La articulación de estas ideas es muy interesante hasta aquí. Por eso es tan difícil hacer una historia de la cocina. Me ha pasado pensar que algunos platos de la cocina porteña (por ejemplo, las costillas de cerdo a la riojana) provienen del siglo XX profundo, es decir, de sus primeras décadas, cuando en realidad no tienen mucho más que cincuenta o sesenta años.
La cocina sofisticada ingresa en la literatura en épocas y lugares en los que no se pasa hambre. Por eso no tiene lugar en la Edad Media profunda (ver Crítica). Aún en el Renacimiento, donde hay memoria del hambre, la novela picaresca habla de la comida en términos repugnantes (la referencia literaria es el Lazarillo de Tormes)(j). 

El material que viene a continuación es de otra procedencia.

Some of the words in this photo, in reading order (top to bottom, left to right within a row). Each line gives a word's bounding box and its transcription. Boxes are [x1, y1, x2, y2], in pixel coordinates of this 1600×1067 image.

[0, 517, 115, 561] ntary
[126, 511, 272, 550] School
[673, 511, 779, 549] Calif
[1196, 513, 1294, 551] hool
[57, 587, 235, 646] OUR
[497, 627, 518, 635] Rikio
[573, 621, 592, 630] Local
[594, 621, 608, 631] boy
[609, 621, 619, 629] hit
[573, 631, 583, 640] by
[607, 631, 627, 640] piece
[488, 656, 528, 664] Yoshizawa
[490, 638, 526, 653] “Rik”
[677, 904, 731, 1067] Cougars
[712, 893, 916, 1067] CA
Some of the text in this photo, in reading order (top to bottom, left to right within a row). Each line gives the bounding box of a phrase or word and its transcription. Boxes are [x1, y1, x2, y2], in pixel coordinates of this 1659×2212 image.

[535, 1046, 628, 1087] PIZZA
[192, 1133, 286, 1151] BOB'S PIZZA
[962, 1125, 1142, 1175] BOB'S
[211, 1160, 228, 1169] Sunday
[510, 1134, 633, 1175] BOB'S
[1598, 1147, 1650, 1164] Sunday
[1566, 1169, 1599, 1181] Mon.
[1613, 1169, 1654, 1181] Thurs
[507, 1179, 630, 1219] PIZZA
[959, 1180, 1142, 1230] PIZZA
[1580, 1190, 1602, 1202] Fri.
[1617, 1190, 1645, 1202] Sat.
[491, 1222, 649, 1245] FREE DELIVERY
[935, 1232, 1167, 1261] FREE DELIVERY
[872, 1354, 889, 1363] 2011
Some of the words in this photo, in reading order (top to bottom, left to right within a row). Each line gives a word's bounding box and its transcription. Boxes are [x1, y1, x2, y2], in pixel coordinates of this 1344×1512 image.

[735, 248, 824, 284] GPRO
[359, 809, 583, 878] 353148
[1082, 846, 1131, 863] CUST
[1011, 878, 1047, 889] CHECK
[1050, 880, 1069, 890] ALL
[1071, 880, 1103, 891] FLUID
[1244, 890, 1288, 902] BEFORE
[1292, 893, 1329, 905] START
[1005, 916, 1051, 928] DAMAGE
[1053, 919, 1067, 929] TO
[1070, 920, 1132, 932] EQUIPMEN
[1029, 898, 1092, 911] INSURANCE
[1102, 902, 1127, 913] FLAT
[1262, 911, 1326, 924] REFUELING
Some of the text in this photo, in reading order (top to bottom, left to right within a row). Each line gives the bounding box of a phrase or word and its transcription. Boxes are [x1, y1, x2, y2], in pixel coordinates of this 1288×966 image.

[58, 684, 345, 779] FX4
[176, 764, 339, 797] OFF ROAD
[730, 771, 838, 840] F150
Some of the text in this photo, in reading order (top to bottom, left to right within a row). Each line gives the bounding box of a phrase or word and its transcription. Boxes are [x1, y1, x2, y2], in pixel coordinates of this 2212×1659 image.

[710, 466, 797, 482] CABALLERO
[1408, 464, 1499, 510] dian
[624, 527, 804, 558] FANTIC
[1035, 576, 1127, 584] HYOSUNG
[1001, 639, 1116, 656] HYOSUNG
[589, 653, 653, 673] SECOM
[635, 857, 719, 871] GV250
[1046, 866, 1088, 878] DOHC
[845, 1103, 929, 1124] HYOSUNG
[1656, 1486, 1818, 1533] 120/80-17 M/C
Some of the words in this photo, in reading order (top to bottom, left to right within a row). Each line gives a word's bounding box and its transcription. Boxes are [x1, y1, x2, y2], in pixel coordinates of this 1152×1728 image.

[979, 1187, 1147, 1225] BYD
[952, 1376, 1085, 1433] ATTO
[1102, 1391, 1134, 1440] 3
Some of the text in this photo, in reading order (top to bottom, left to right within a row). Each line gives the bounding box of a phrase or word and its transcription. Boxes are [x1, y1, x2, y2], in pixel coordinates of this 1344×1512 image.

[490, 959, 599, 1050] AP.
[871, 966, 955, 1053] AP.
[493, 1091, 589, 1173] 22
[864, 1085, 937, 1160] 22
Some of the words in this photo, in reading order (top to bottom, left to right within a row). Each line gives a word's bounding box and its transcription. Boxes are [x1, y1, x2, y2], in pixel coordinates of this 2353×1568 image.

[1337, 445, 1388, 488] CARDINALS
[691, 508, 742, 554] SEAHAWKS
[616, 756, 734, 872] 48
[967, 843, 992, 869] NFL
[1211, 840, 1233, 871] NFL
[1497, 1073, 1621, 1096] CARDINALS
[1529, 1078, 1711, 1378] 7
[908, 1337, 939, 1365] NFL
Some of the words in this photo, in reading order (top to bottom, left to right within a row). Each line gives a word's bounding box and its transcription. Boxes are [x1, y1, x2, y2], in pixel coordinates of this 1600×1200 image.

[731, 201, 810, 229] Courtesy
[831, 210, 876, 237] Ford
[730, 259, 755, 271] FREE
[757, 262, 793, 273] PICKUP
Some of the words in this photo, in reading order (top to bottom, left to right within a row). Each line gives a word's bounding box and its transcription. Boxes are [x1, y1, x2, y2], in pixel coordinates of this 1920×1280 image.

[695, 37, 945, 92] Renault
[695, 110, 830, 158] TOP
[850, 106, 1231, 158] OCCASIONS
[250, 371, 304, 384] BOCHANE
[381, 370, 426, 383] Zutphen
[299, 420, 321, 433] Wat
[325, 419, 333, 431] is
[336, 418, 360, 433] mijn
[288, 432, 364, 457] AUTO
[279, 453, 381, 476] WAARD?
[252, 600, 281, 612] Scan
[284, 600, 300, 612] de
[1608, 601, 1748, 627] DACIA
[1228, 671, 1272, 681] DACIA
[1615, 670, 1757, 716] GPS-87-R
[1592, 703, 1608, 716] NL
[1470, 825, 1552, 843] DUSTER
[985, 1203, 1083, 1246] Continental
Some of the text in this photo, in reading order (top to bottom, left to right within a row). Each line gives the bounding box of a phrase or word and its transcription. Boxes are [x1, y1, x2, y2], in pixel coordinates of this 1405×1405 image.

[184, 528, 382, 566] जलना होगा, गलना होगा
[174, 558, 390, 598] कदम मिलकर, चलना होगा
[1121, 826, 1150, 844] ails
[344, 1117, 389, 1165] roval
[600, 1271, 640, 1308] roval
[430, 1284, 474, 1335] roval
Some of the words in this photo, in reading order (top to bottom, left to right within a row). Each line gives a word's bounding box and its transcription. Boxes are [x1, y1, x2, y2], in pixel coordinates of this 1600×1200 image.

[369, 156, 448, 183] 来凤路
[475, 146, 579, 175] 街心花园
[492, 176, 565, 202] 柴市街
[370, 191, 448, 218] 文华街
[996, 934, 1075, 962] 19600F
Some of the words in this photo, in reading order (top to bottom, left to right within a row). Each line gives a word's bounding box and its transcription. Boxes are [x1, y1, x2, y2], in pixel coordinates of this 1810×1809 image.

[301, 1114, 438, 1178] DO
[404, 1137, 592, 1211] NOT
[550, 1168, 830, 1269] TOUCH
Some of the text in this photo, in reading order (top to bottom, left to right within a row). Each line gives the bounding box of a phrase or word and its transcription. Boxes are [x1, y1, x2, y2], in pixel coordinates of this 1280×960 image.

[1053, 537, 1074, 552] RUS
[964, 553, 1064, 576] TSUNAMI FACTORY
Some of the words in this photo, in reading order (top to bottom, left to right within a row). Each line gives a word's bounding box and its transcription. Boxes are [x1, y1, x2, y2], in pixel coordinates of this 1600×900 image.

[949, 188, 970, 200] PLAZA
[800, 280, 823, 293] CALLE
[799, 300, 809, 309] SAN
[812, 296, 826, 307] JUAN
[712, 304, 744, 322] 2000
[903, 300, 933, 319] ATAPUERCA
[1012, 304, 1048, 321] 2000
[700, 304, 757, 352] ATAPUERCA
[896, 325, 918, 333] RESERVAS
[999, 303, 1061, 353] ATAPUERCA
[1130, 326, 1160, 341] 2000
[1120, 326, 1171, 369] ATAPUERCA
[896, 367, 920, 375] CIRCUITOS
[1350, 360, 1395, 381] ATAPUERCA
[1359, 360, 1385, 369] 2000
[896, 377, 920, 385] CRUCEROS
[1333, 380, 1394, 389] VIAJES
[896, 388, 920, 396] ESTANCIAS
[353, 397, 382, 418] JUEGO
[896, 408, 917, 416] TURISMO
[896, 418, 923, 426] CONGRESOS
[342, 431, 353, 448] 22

La parte final del artículo plantea un punto de vista interesante sobre el estatuto de dos cocinas diferenciadas a lo largo de toda la historia: la cocina campesina y la cocina imperial.
La primera se caracteriza por una transmisión oral de generación en generación y por cambios lentos e imperceptibles. Son los platos que constituyen la cocina familiar cotidiana. La gastronomía imperial, en cambio, es sabia (ver Crítica), sofisticada, experimental y registrada por escrito en tratados y obras literarias (ver Crítica). Un caso típico de este registro es el ya citado libro de Ateneo (ver nota (g)).
Concluye que las grandes cocinas imperiales de América (Imperio Azteca e Imperio de los Incas) no han conservado en tratados, es decir, en fuentes indígenas y que sólo se puede  acceder a ellas a través de los cronistas primero españoles y luego criollos o a través de las tradiciones orales. Ello supone que los platos más sofisticados han desaparecido o se han transformado de modo tal que queda muy poco de las recetas originales (la referencia literaria es el Inca Garcilaso, (ver Crítica))(k).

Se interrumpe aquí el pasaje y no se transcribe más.